Stone Soup for Five: Book Review-- Disruptive Witness by Alan Noble

Book Review-- Disruptive Witness by Alan Noble

I was browsing around online and saw a mention of a book titled Disruptive Witness, Speaking Truth in a Distracted Age.  I don't remember who suggested it, but after reading their short review, I went directly to Amazon and bought it.  Working with teens, I'm seeing a lot of distraction (even when they don't mean to be or want to be distracted) so the subtitle drew me immediately.

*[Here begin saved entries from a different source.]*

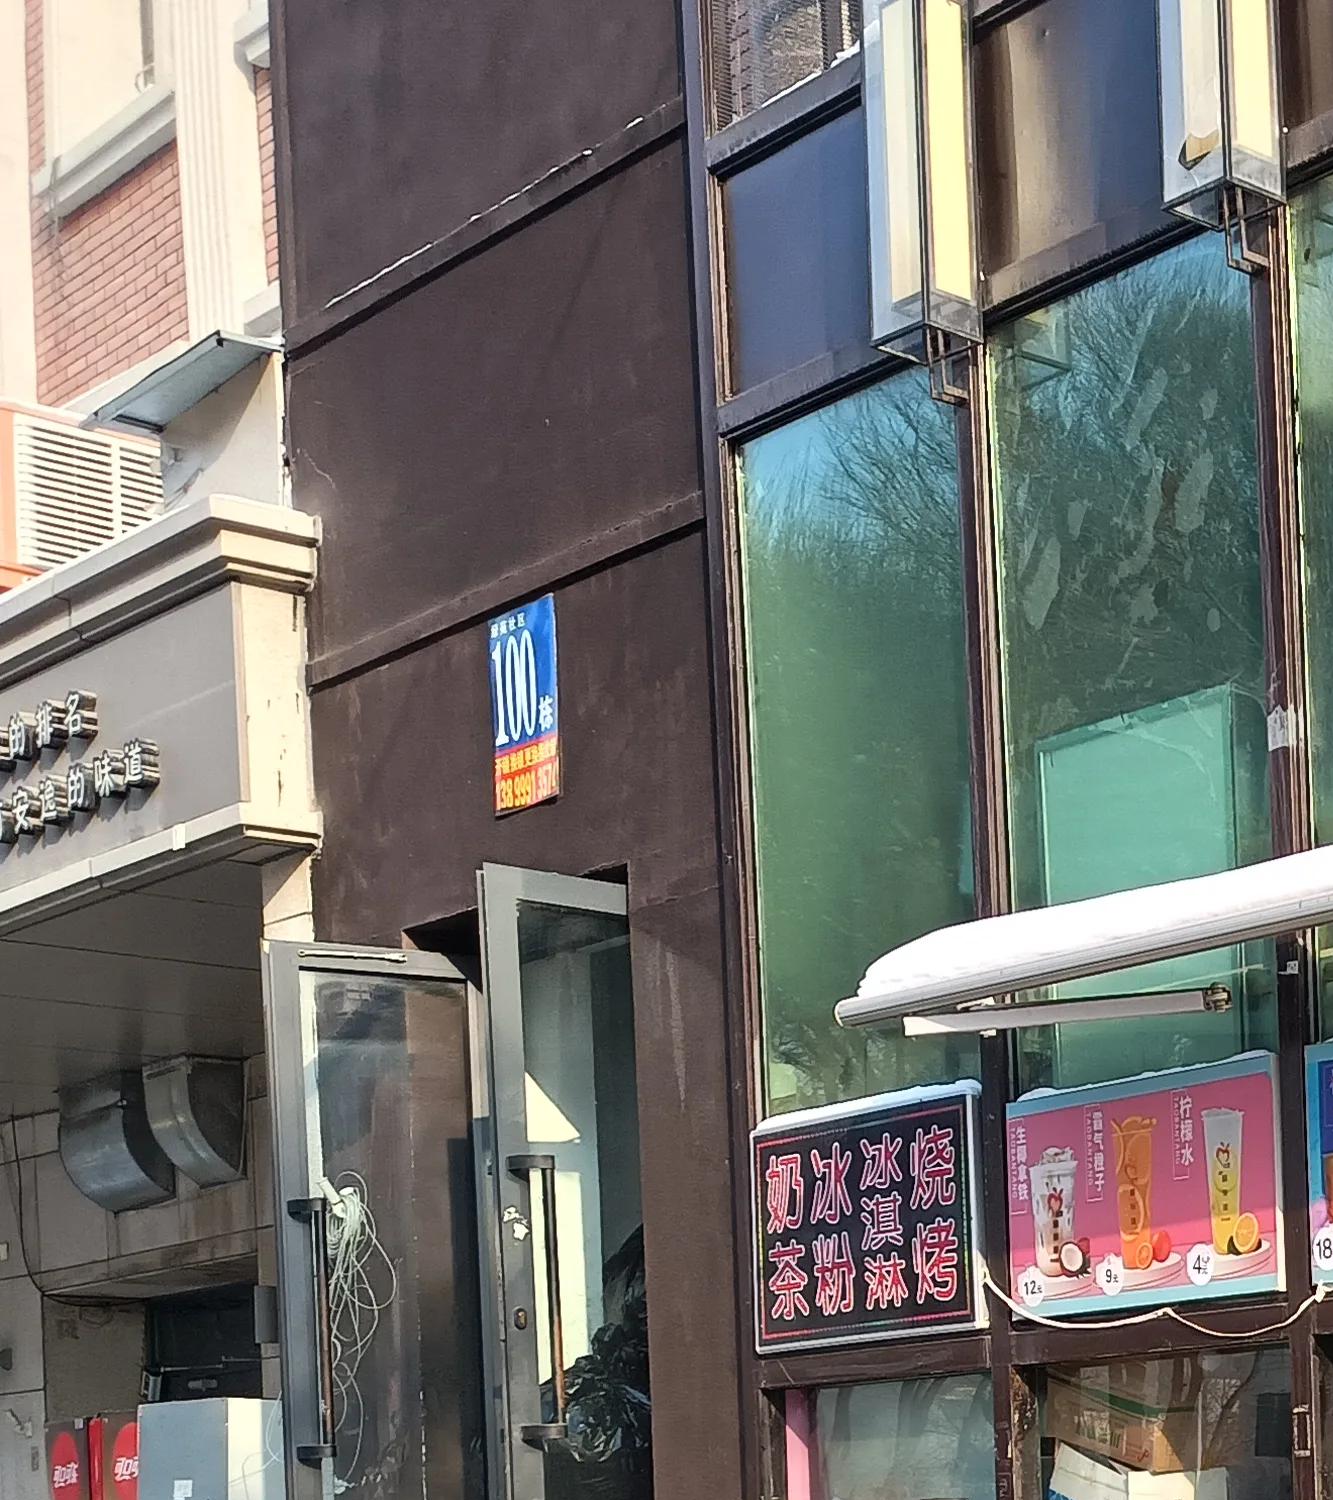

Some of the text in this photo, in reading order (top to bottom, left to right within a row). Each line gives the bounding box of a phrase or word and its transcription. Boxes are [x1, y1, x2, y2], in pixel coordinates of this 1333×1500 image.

[490, 629, 554, 746] 100 栋
[0, 740, 145, 840] 安逸的味道
[1179, 1095, 1194, 1167] 柠檬水
[766, 1154, 809, 1319] 奶茶
[810, 1142, 856, 1316] 冰粉
[860, 1133, 908, 1310] 冰淇淋
[910, 1125, 958, 1303] 烧烤

When the book got here, I devoured it in about a week.  The first half of the book perfectly described what I have been seeing with teens and young adults all over the country.  The second half got into semi-practical ways to disrupt the normal practices of most people's day to day lives so you can speak truth in a way they understand.  (I say semi-practical because it wasn't a lot of real "try this" application, but more of "how to think about and interact with this" kind of stuff.)
  


QUOTES

I was taught a new method of marking and underlining in books (which I did like crazy in this one) from my pastor.  He showed me how he underlines parts that stand out and then draws the underline out onto the side of the pages that is visible as a mark when the book is closed.  This way you can easily open to a mark and find a quote.  This book is FULL of these underlines and marks on the sides of the pages!  
"Most of us do not rely on good weather for our livelihood or sustenance.  We struggle to recognize beauty in the natural world because it has been so thoroughly conquered, and wonder is quashed through scientific language and nature-channel explainers.  We are masters of our health, our safety, our morality, our time, and our success.  Living in this kind of society, it is hard to sense the transcendent.  It seems superfluous.  This situation is so pervasive that when we bear witness to our faith to a non-Christian, they may imagine the faith as just another belief system within a closed immanent frame."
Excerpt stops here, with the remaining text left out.